[Cite as State v. Nigro, 2022-Ohio-2864.]
COURT OF APPEALS STARK COUNTY, OHIO FIFTH APPELLATE DISTRICT
STATE OF OHIO, : JUDGES: : Hon. William B. Hoffman, P.J. Plaintiff - Appellee : Hon. John W. Wise, J. : Hon. Craig R. Baldwin, J. -vs- : : MICHAEL T. NIGRO, : Case No. 2021CA00084 : Defendant - Appellant : OPINION
CHARACTER OF PROCEEDING: Appeal from the Stark County Court of Common Pleas, Case No. 2020 CRI1848A
JUDGMENT: Affirmed
DATE OF JUDGMENT: August 16, 2022
APPEARANCES:
For Plaintiff-Appellee For Defendant-Appellant
KYLE STONE GEORGE URBAN Prosecuting Attorney 116 Cleveland Ave. N.W. Stark County, Ohio Suite 808 Canton, Ohio 44702 By: VICKI L. DESANTIS Assistant Prosecuting Attorney Appellate Division 110 Central Plaza South, Ste. 510 Canton, Ohio 44702-1413 Stark County, Case No. 2021CA00084 2
Baldwin, J.
{¶1} Appellant, Michael T. Nigro, appeals his conviction in the Stark County
Court of Common Pleas as well as the trial court’s admission of text messages from a
cell phone. Appellee is the State of Ohio.
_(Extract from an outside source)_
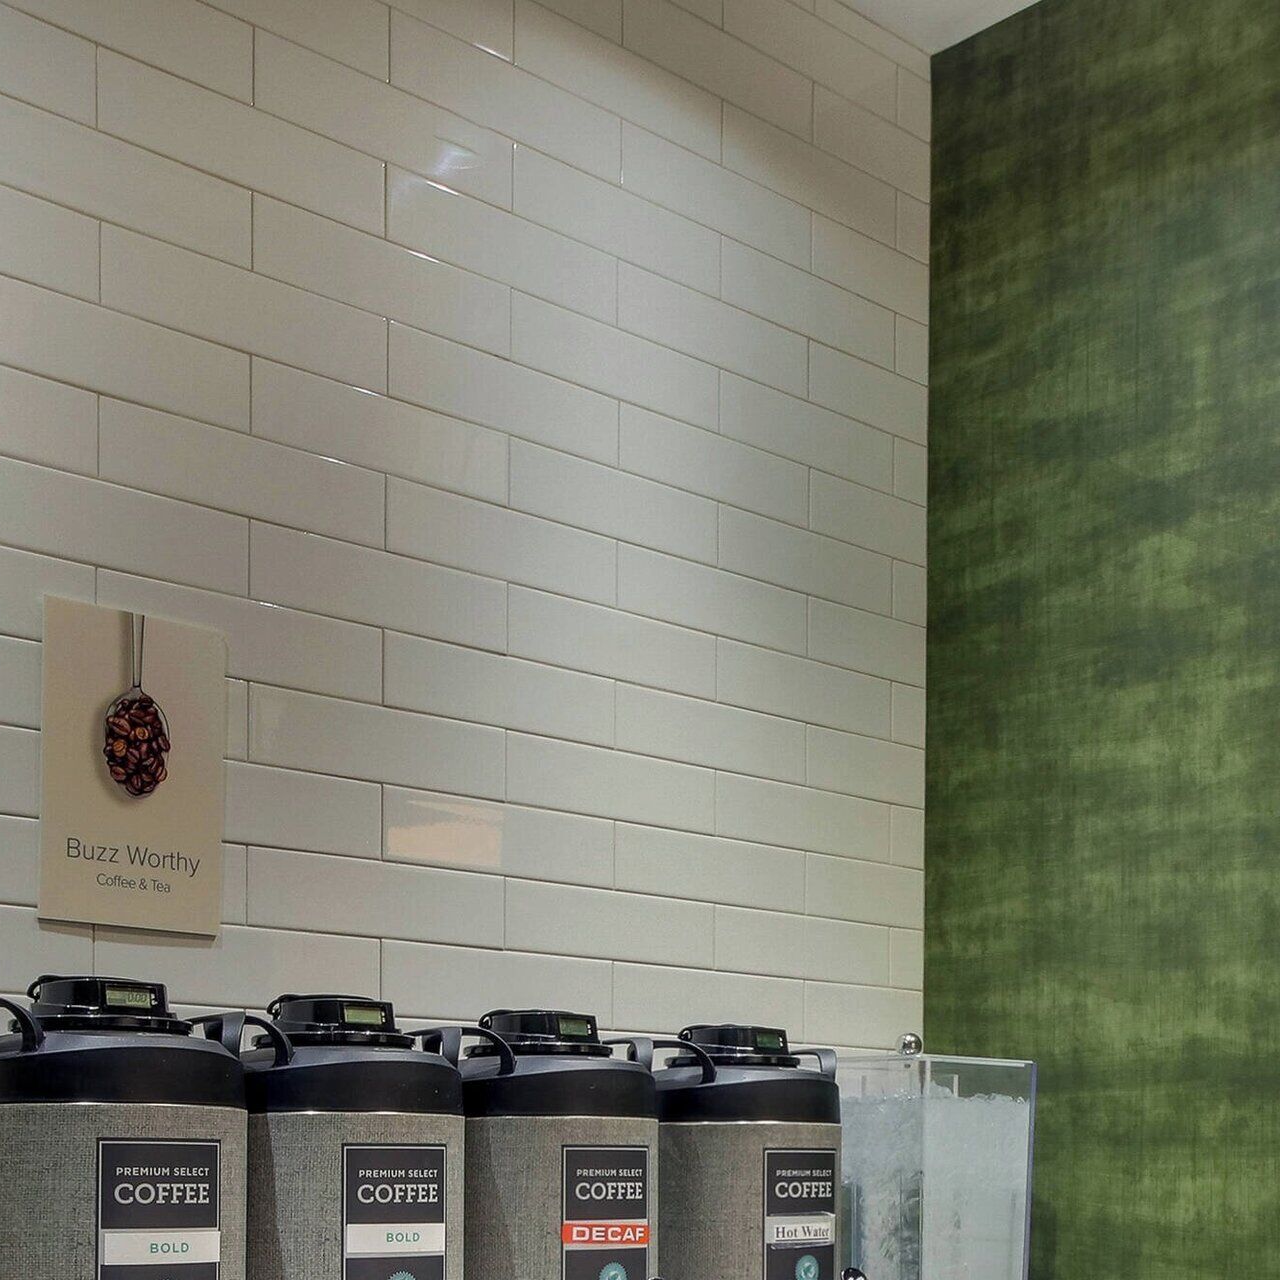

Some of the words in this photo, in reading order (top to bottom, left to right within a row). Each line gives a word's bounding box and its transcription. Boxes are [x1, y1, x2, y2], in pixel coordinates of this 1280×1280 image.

STATEMENT OF FACTS AND THE CASE
{¶2} This case arose from a breaking and entering into a pharmacy and theft of
drugs from that pharmacy in the early morning hours of November 23, 2019 in Massillon,
Ohio. The events leading to the break-in began with a telephone call from Allison Roach
to her drug dealer, JC. JC told Roach he did not have the pills she requested, but he
could get some if she drove. She agreed and picked up JC after she finished work at
about 10:30 p.m.
{¶3} Roach picked up JC in Reynoldsburg and JC asked that they stop for Mike
in Columbus. She picked up Mike and noted that he had a red bookbag. She drove to
a home in Massillon, Ohio, where Mike and JC went inside and asked her to wait in the
car. Later, she was asked to come into the home where the group stayed for a short time
before leaving with a fourth person named Tony. They drove to a cul-de-sac and the three
men got out of the car and told Roach they would be back. They were gone for few
minutes then came running back to the car, out of breath. Tony told Roach to move over,
he got into the car, took off gloves, dumped the red book bag and pill bottles at her feet
and drove off.
{¶4} Tony’s fast and erratic driving caught the attention of local police officers
and they gave chase. Tony drove into a dead end road and stopped. All three men got
out of the car and ran off, leaving Roach to be arrested by the Massillon Police. Stark County, Case No. 2021CA00084 3
{¶5} Officer Jacob Miller of the Massillon Police Department pursued one of the
three men and apprehended JC Taylor. Another officer who responded to the scene
recovered the red bookbag that was discarded during the chase and Officer Miller found
drugs from the pharmacy in it. Officer Miller searched the vehicle and found a crowbar,
gloves and three cell phones, a blue one in the front seat and the others in the back seat.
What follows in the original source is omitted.